Durant ses dernières trois années au Cégep Saint-Laurent, il suivit un programme intensif d’arrangements jazz pour le groupe « Big Band ». Pendant cette période, Luc Boivin l’invita à se joindre au El Extasis, un collectif de percussions.
La première fois que Alain a vu Le Grand Bleu(The Big Blue), un film du directeur français Luc Besson, c’est ce qui a déclenché sa carrière comme composeur. Fasciné par la complicité intime entre l’image et la musique des films, il voulu créer un environnement musical qui complèterait les autre formes d’art de la même façon. Il alla composer la partition musicale pour jacques et la soumission de Ionesco, une pièce présentée par la troupe de théâtre du cégep Saint-Laurent.
Après ses études, Alain joua dans plusieurs groupes et embrassa beaucoup de styles différents, du jazz au blues, R&B, funk et latin.
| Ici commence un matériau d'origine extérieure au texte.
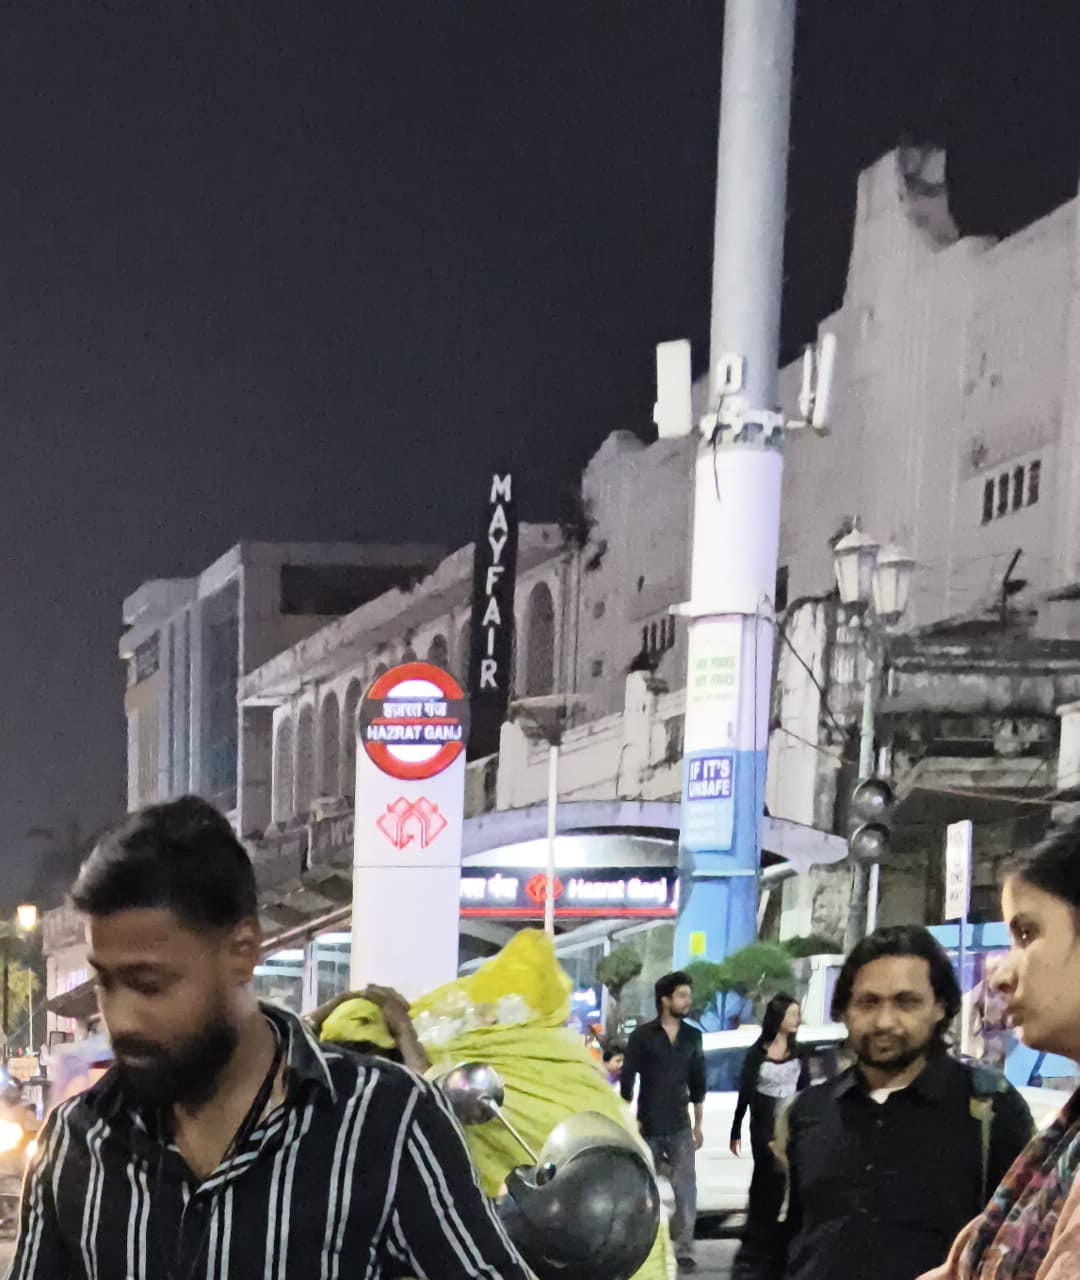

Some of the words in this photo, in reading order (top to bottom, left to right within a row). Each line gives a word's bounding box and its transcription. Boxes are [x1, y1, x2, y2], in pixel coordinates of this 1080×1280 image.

[480, 473, 512, 689] MAYFAIR
[366, 725, 423, 740] HAZRAT
[424, 725, 463, 740] GANJ
[689, 760, 699, 780] IF
[702, 758, 731, 778] IT'S
[688, 780, 731, 798] UNSAFE
Il vu Baraka, un film de Raon Frickle, pendant une tourné. Ce film fut une nouvelle révélation. Pour Alain, la musique du film prenait la place d’un langage, transportant les spectateurs à travers les barrières géographiques, les jetant à terre sans qu,un seul mot soit entendu. Alain donna une nouvelle direction à sa carrière. Il passa les deux prochaines années à mettre sur pied son propre studio, où il continua à définir sa personnalité musicale en des démos de ses propres partitions de films.
Pam Grier lui donna sa première opportunité dans l’industrie du film. L’actrice qui interpréta Jackin brown dans le film de Quentin Tarantino(et un collaborateur de long date avec Quincy Jones) été à Montréal pur le tournage de Strip Search de Rod Hewitt’s. Elle aima le démo d’Allain et le passa a hewitt, qui ensuite demanda a Alain d’écrire quelques chansons pur son film. Ils collaborèrent encore pour Back to Even, un film produit entièrement à Los Angeles. Alain a depuis composé à peu près une douzaine de partition de film, en plus de plusieurs chanson thème pour des campagnes de promotion et pour des production de télévision, radio et théâtre.

Un retour vers des performances live l’avait toujours attiré, mais seulement si c’était un projet personnel. Il était alors à la recherche d’un co-créateur, un complice qui comprendrait ses buts. Elisapie était cette personne. Et le projet Taima démarra vraiment en 2001, après le retour d’Alain d’une mission humanitaire au Sénégal avec le Club 2/3.